OK, I foresee that the world did not end on December 21.

Last Day

Everyone else is looking backwards today, but that’s simply too too easy. After all, we can sum up this year (and last year and the year before that) quite simply:

America’s national politicians-for-life, faced with a $16,352,743,884,513.53 debt and a bank that turns into a pumpkin at midnight tonight, decided to fight the War on Guns instead. (This follows the War on Drugs and we all know how well that worked out.)

Maybe they have finally realized that the Arab Spring of 2012 could become the American Spring of 2013.

~ ~ ~

I have just finished a loverly vacation. The weather was beachy. Marathon had a sand castle contest and Key Weird opened a sculpture exhibit with unicycles. We chased fleas, talked to birds, sang to sea lions, and took about 2,600 pictures, the digital equivalent of 72 rolls of film. And through it all, it did not once snow in the Florida Keys.

I don’t make New Year’s Revolutions but I would like to make a few changes in my life. For the record I am blessed with the two best friends a man could have and I don’t particularly want to add stuff. I bought the best camera I’ve ever owned last month. I have a couple of pretty good computers and plenty of pocket electronics. I don’t need an airplane.

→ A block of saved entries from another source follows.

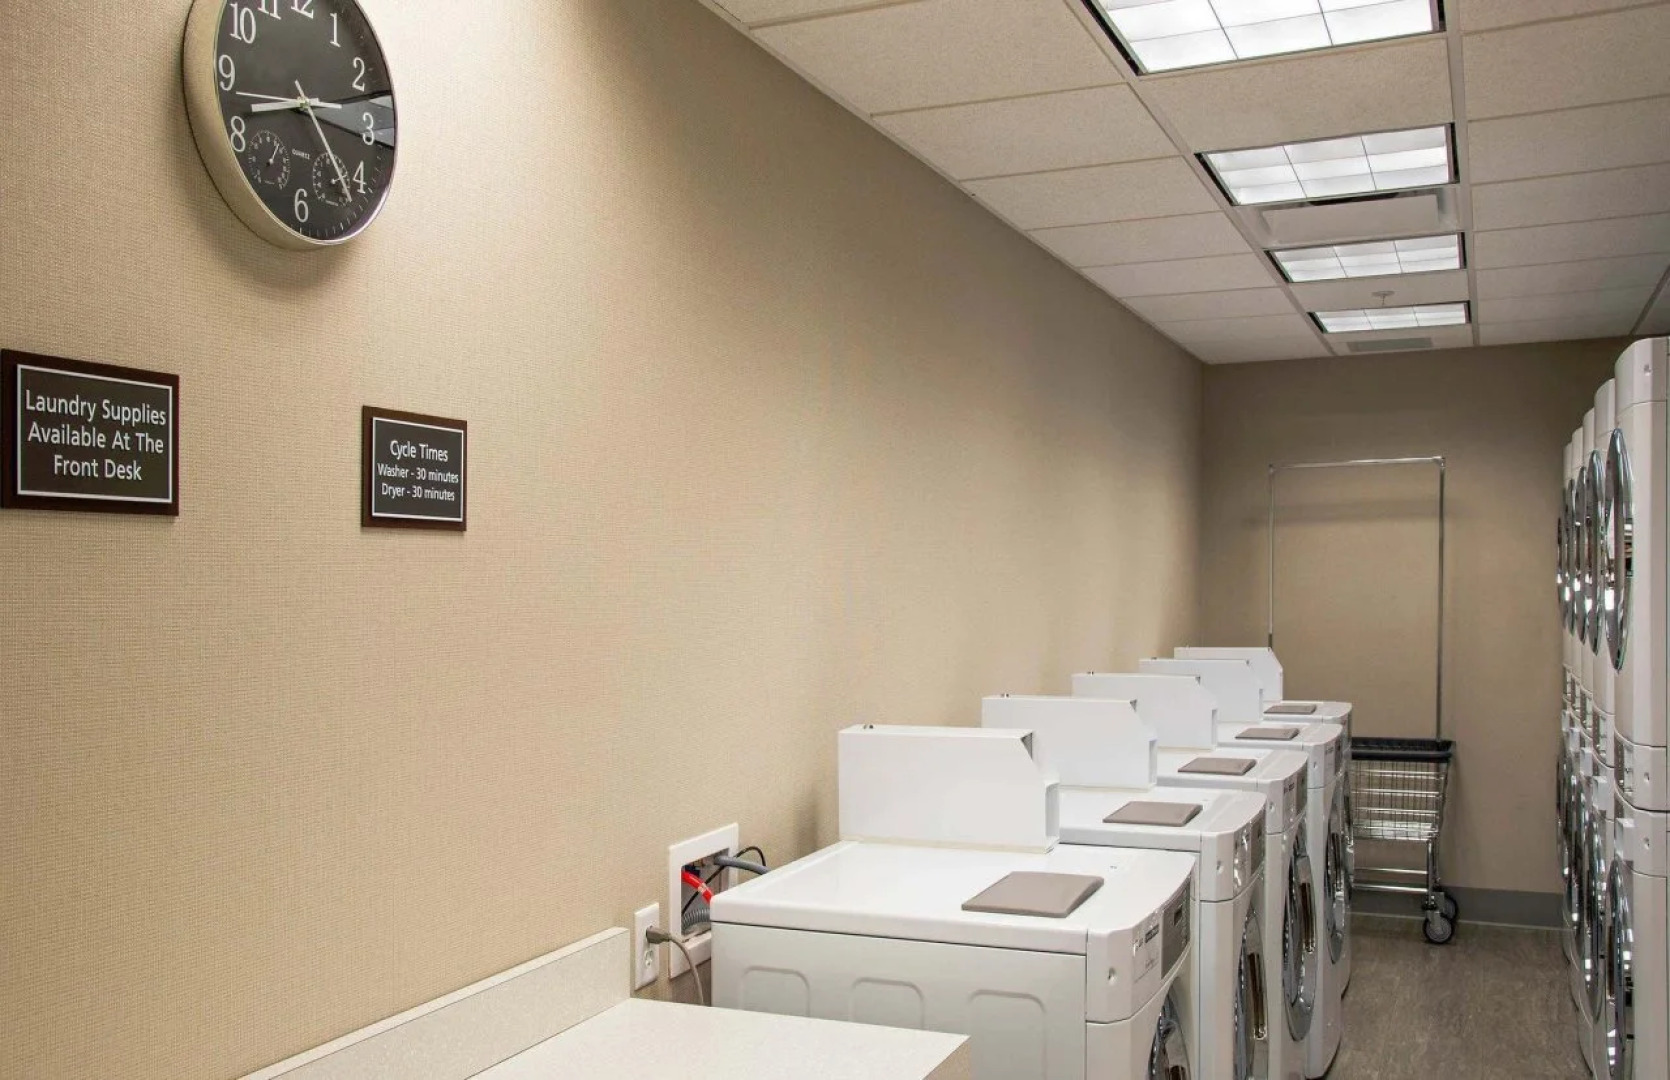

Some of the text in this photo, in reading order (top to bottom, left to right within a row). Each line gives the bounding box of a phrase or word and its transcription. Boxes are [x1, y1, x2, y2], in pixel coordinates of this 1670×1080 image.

[229, 2, 257, 44] 10
[330, 12, 341, 48] 1
[218, 54, 236, 91] 9
[351, 56, 366, 92] 2
[230, 115, 246, 152] 8
[361, 112, 375, 146] 3
[352, 160, 367, 194] 4
[294, 188, 309, 223] 6
[25, 389, 167, 427] Laundry Supplies
[27, 421, 164, 454] Available At The
[389, 440, 449, 462] Cycle Times
[54, 454, 143, 481] Front Desk
[377, 462, 410, 479] Washer
[416, 467, 427, 480] 30
[428, 469, 459, 484] minutes
[381, 482, 405, 499] Dryer
[412, 485, 423, 498] 30
[424, 487, 455, 502] minutes
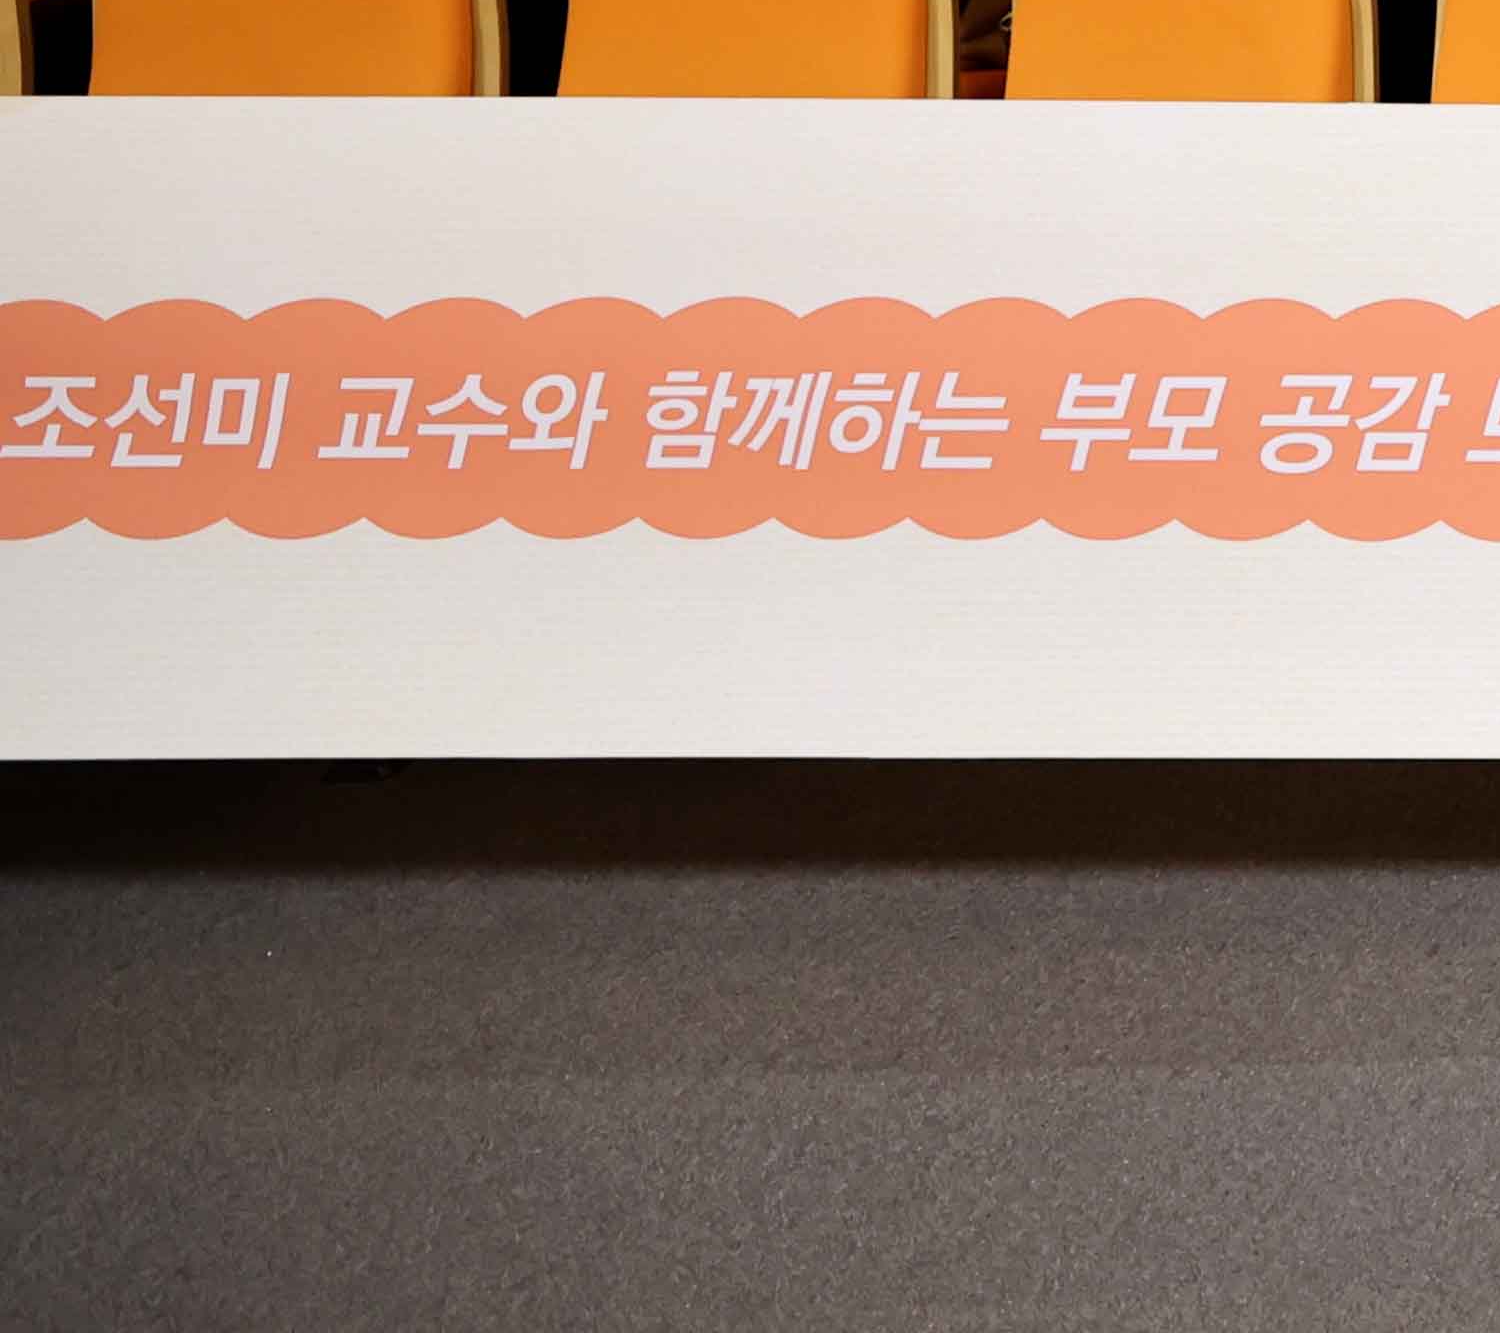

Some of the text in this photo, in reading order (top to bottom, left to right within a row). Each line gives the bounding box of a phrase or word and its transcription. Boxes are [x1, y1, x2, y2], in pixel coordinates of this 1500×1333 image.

[0, 373, 289, 469] 조선미
[319, 373, 607, 469] 교수와
[647, 372, 1009, 469] 함께하는
[1040, 374, 1226, 470] 부모
[1261, 373, 1450, 473] 공감

I need time. See, this year I want to
hit a home run, even in the minors;
revisit the 40 states I’ve already photographed and visit the rest of them for the first time;
win the lottery;
hike to the bottom of the Grand Canyon (as long as there’s an elevator back up);
sell an invention;
sell 100 photographs;
sell a book;
and reduce my use of serial semi-colons.

Over the last couple of years, I’ve replaced or repaired most of the little things that plagued me and stole the time I needed to do all of the above:
the gas chainsaw that never ran (bought an electric);
the hydronic heating pipes that freeze in the winter (installed an antifreeze pumping system);
the satellite receiver that didn’t receive (they sent me another);
the IT client who lied to me, chewed up hours of time to repair stuff their prior service company did wrong, then refused to pay (shed same);
the pellet stove that stopped burning (I stopped trying to repair it and bought an exhaust fan);
my iPod dock (put a couple of powered speakers in service instead);
the slow leak in a couple of car tires that the fixes never seem to last and always seem flat when needed (ongoing);
and the new TV that hums in the external speakers (diagnosed but not fixed).

It’s time to stop having to fix the little stuff.

That all means 2013 will be the year Mr. Fixit puts a new roof on this house, digs up the sewer line, and has to drag the seawall out of the sea, innit. At least I shall endeavor not to take on new clients.

Happy New Year!


No man’s life, liberty, or property is safe while the legislature is in session.
— Mark Twain

Suppose you were an idiot. And suppose you were a Member of Congress. But I repeat myself.
–Mark Twain

There is no distinctly native American criminal class except Congress.
— Mark Twain

Thanks to the Congress, the public debt rose $3,009,622.24 between 11:59 a.m. and noon today.